THE BUSINESS OF LIFTING AND ATTACHING a large, heavy box 15-20 ft up a tree is not to be undertaken lightly. In fact it can be quite risky, and unless you are sure of what you're doing someone else should be present. A fundamental problem is that you're trying to attach a large square object to a round trunk. It would be difficult enough on the ground, but you're going to be perched precariously some way up a tree. Here are some tips that could save a lot of trouble.
1. Select the site in advance
Ideally you should have a site in mind before buying or making the box. If buying a box, the site will to some extent be determined by the type of attachment that comes with it. This is often a back batten or plank with holes for nails or screws above and below the box. So before buying find out how the box is attached. If making a box, it may be the other way round: the site may determine what type of attachment is best to use. Making a box will obviously give you more flexibility in tailoring the attachment for a site that's available.
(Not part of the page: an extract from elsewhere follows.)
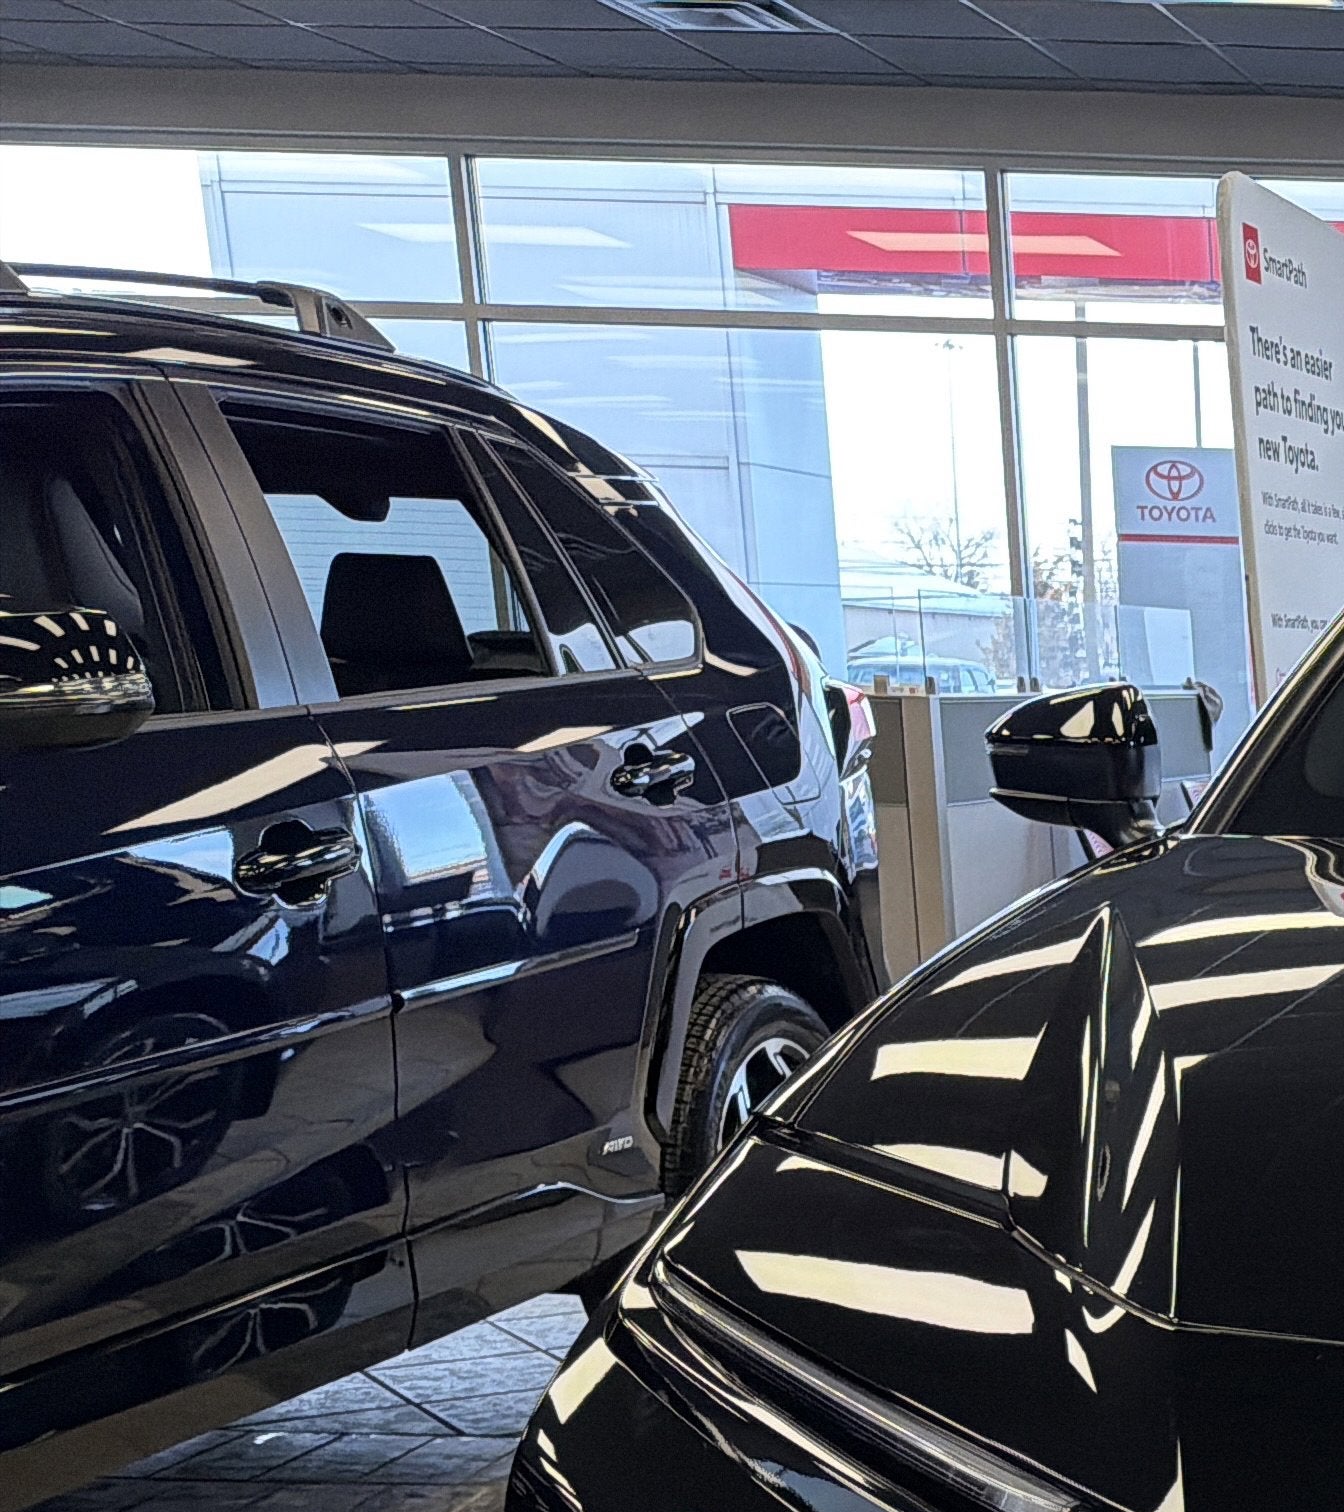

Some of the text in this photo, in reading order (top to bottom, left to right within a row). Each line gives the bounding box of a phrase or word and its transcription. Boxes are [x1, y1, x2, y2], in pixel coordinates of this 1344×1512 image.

When choosing a site don't forget the factors that may affect which way the box is to face. These are the bad weather directions (not a concern in sheltered sites) and where the adults' territory is -- i.e. where they hunt. Both our nestboxes are in corners of the parents' territories and I like to face the boxes in the direction the male will come from when he brings food. A female may feel uncomfortable if her box faces a rival pair's territory.
The growing strength of the sun in late April/early May can create stifling conditions in a nestbox. This is a time when there's very little shade from leaves, so it's not easy to do much about it apart from avoiding south or southwest-facing positions. This is a particular problem with deep, poorly ventilated designs like the letterbox.
Another consideration is easily reachable perches for the fledglings when they emerge. On lower sections of trunk, like the Scots Pines', there may be none, of course. This is one reason why I'm very in favour of giving nestboxes ledges. There's nothing as dismal as finding an injured chick on the ground.
The type of tree doesn't seem to matter to the owls, though a site with some nearby perches will probably be preferred. The parents tend to fly straight to the ledge or door.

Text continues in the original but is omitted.